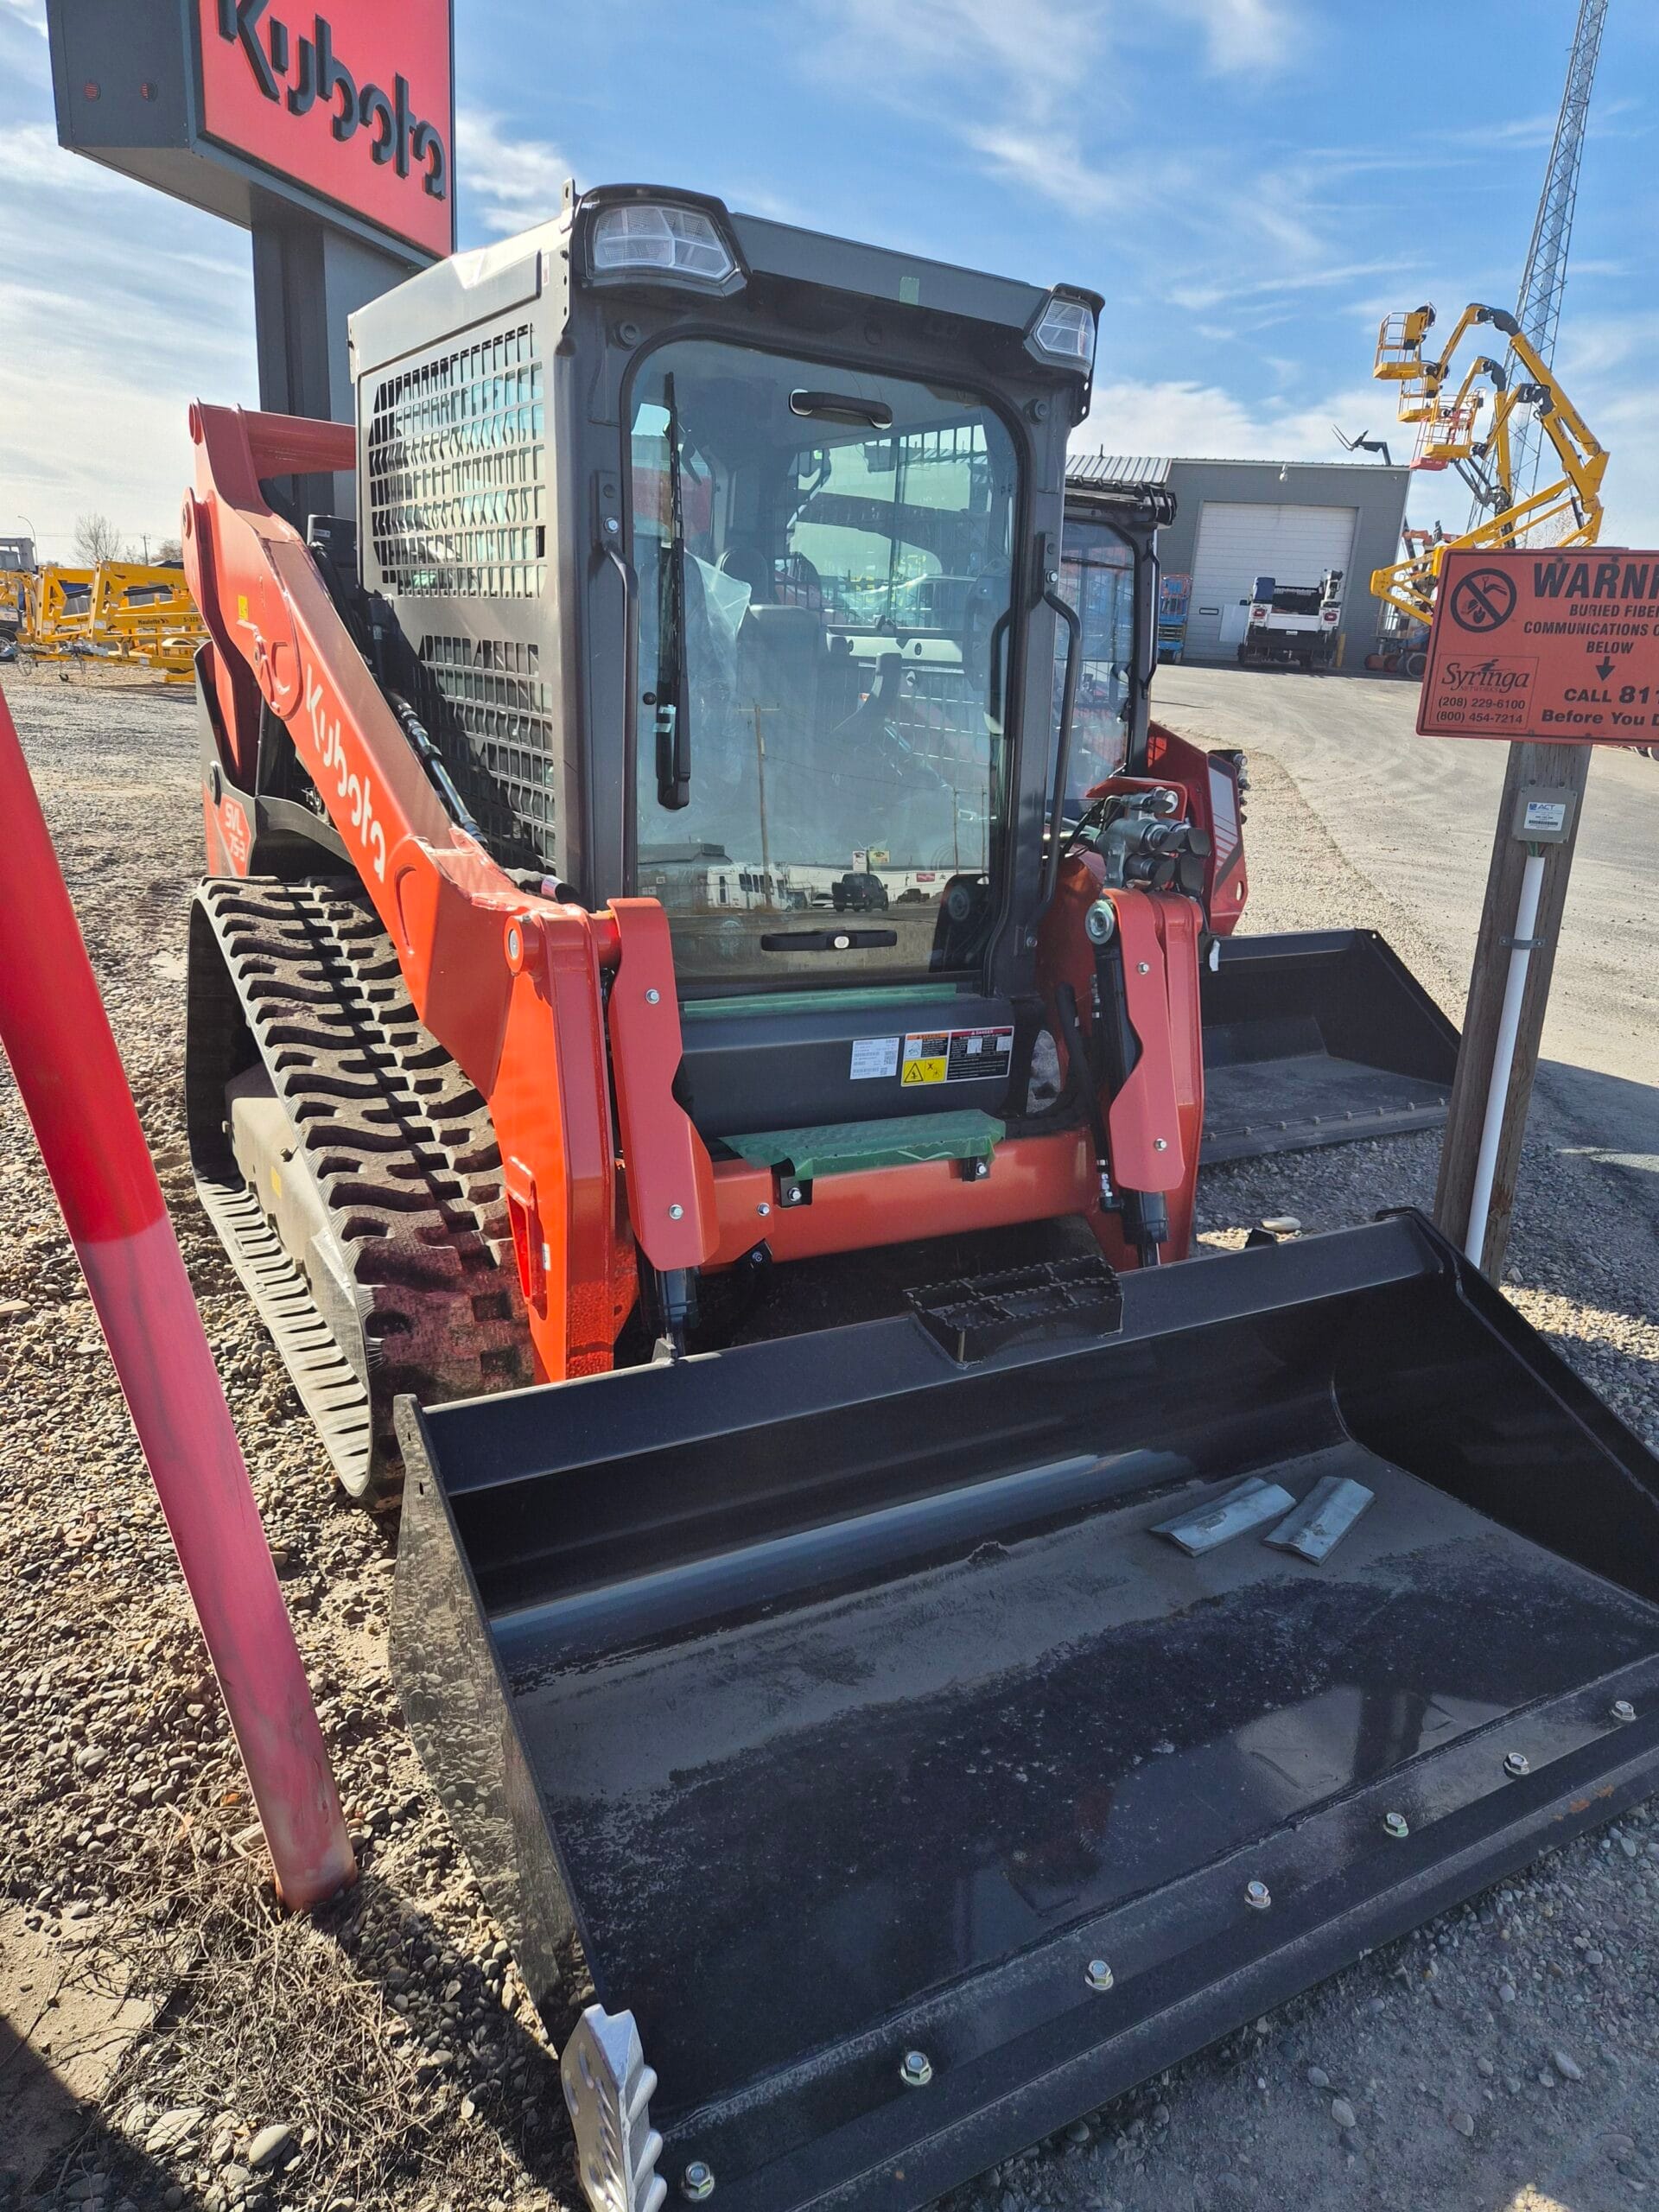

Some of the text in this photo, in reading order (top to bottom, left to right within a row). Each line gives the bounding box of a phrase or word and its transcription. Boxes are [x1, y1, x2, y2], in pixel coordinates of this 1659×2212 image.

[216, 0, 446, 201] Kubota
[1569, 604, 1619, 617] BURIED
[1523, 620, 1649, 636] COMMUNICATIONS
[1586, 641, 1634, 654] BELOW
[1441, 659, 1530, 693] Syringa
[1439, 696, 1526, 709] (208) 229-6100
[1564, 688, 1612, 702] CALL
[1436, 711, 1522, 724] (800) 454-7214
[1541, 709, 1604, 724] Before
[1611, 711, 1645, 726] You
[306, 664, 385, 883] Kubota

Work to be completed
Transcribe the whole listing, character for character, but not its images.

Solution for this task
Some of the text in this photo, in reading order (top to bottom, left to right within a row). Each line gives the bounding box of a phrase or word and its transcription. Boxes are [x1, y1, x2, y2], in pixel coordinates of this 1659×2212 image.

[216, 0, 446, 201] Kubota
[1569, 604, 1619, 617] BURIED
[1523, 620, 1649, 636] COMMUNICATIONS
[1586, 641, 1634, 654] BELOW
[1441, 659, 1530, 693] Syringa
[1439, 696, 1526, 709] (208) 229-6100
[1564, 688, 1612, 702] CALL
[1436, 711, 1522, 724] (800) 454-7214
[1541, 709, 1604, 724] Before
[1611, 711, 1645, 726] You
[306, 664, 385, 883] Kubota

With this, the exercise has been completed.